Bur declined to comment and referred questions to the Archdiocese of Philadelphia.
Kenneth Gavin, an Archdiocese spokesman, also declined to discuss specifics of Chad's case, but said in a prepared statement:
"In terms of policy, an Archdiocesan school reserves the right to prohibit a student from attending classes in a school building if their presence may pose a risk to the safety or security of themselves or other students in the school's care.
"If a student is barred from a building, other arrangements to continue with schoolwork may be made at the discretion of school administrators. The safety and security of all students, faculty and staff is the Office of Catholic Education's first priority."
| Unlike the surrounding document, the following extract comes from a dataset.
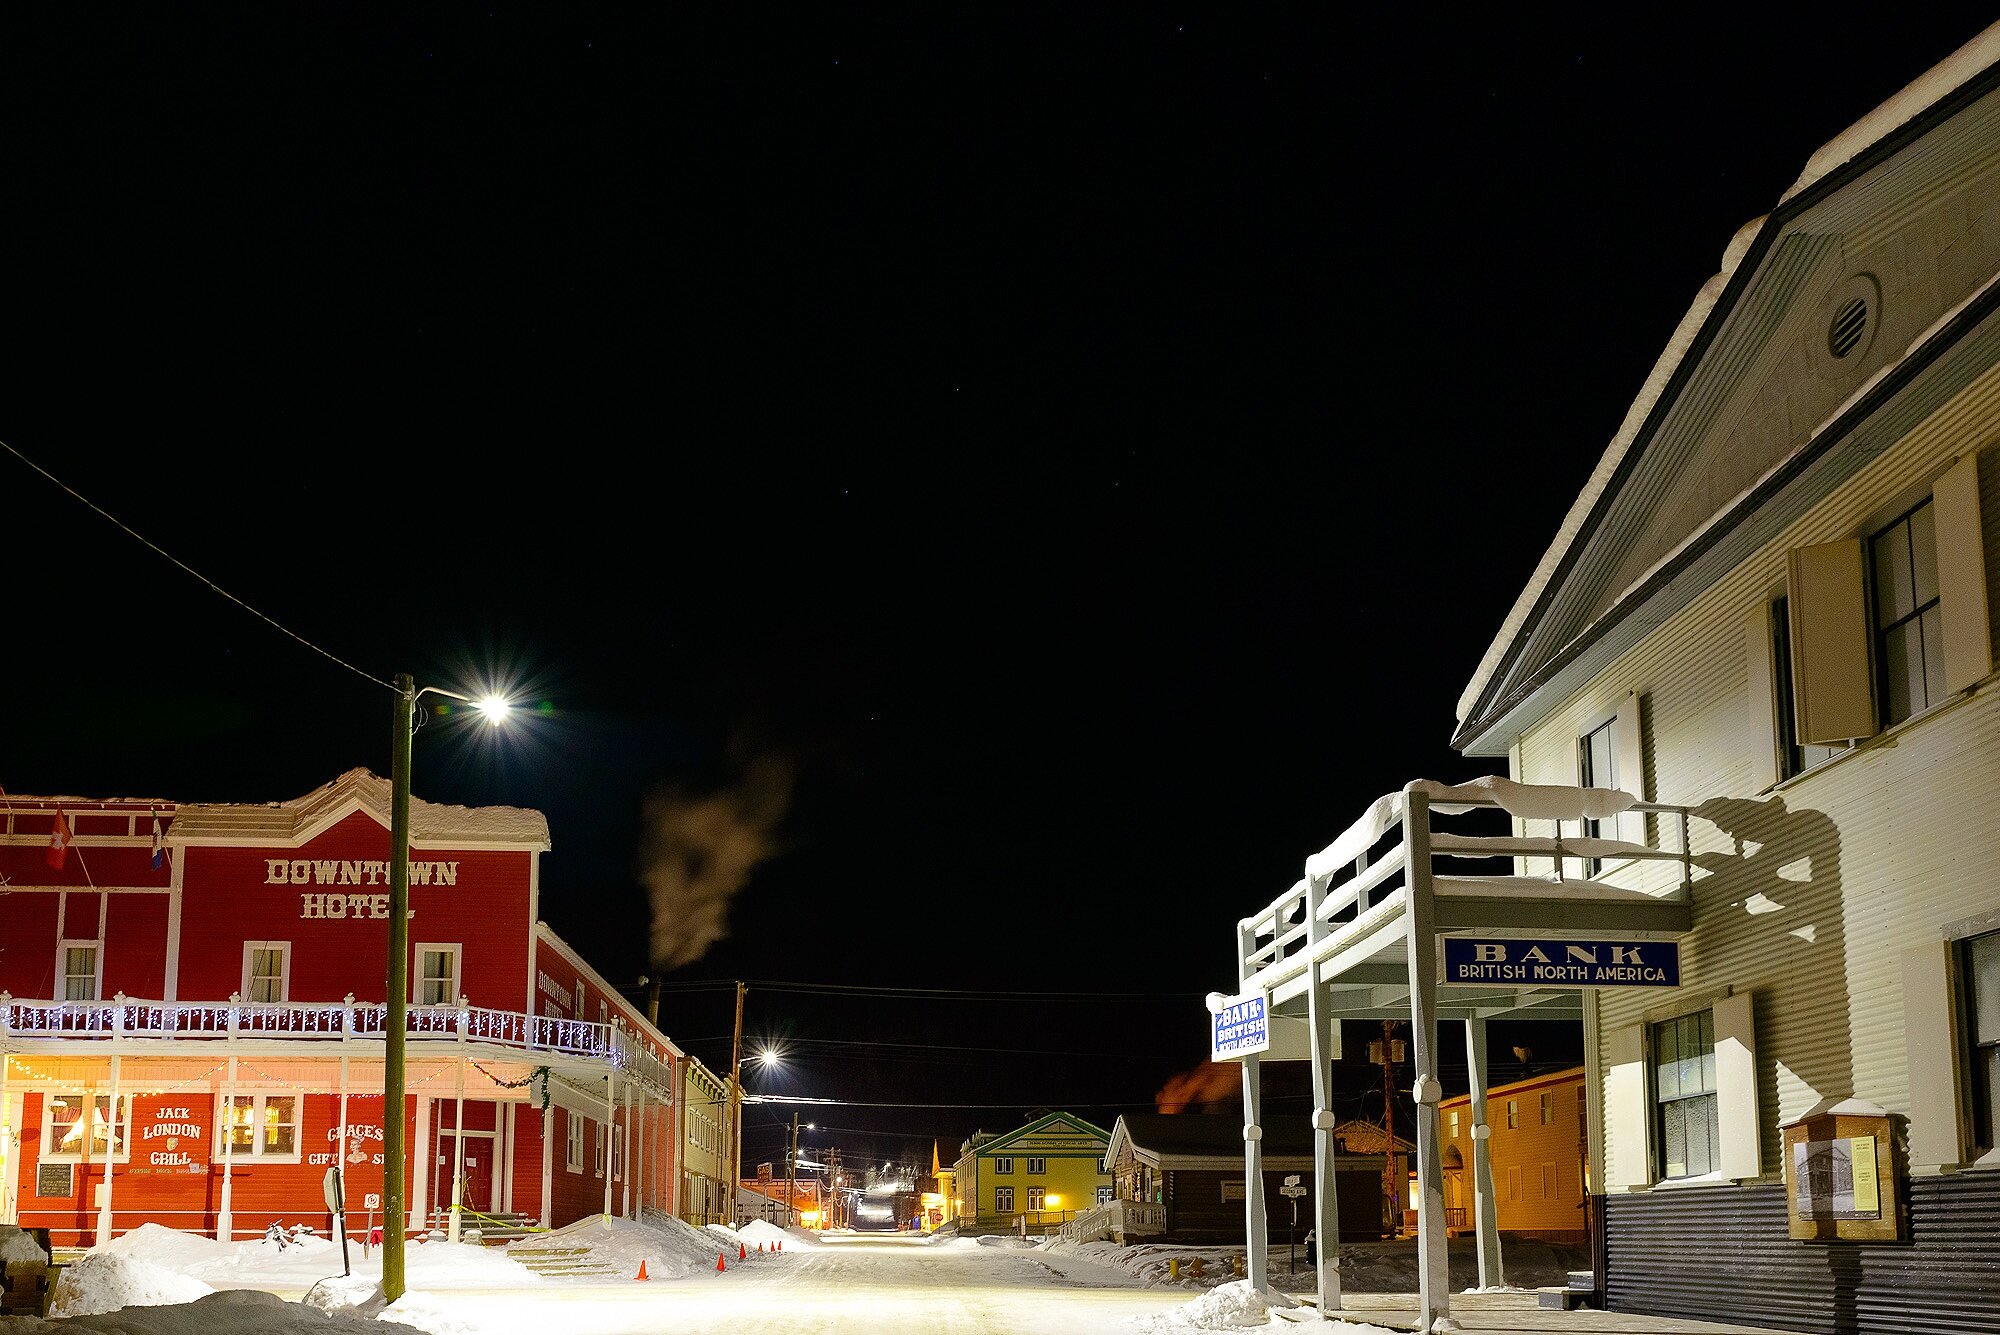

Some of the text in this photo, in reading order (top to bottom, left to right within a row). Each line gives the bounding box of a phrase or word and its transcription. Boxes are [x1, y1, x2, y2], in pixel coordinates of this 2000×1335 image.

By contrast, the Philadelphia School District does not bar a student from reporting to school with a court-ordered ankle monitor.
When asked whether the district or an individual principal could do so, district spokesman Fernando Gallard said: "Absolutely not. The student has the right to attend the school with the device. We've never had that problem."
Gallard said that no statistics were available for the number of students wearing monitors, but that the court notifies the school district of each student who is adjudicated and ordered to wear a monitor. The reports are then provided to the schools, he said.
'He wants an education'
Altschuler said that Chad has never posed a danger to anyone at West Catholic, and that if he took the bracelet off he'd be in violation of the judge's order.
"This isn't a case where the young man decides to wear an 'I Heart Boobies' bracelet because he's trying to make a statement," Altschuler said. "He doesn't want to have this on his ankle. A court has ordered that he do that. He's complied with it. The court requires that he goes to school. He'd like to comply with that."
Fred Baker added: "He wants an education. He realizes that he made a mistake. He realizes that the mistake that he made could have gone a different way. He's trying to get past it. A part of his development is school and that environment - that would help any kid get past any situation that they have remorse or regret for."
Chad said that if he doesn't get back into West Catholic, he'd like to go to another Catholic school or a similar nonpublic school.
"I put myself in this predicament," he said, "and I regret it every day."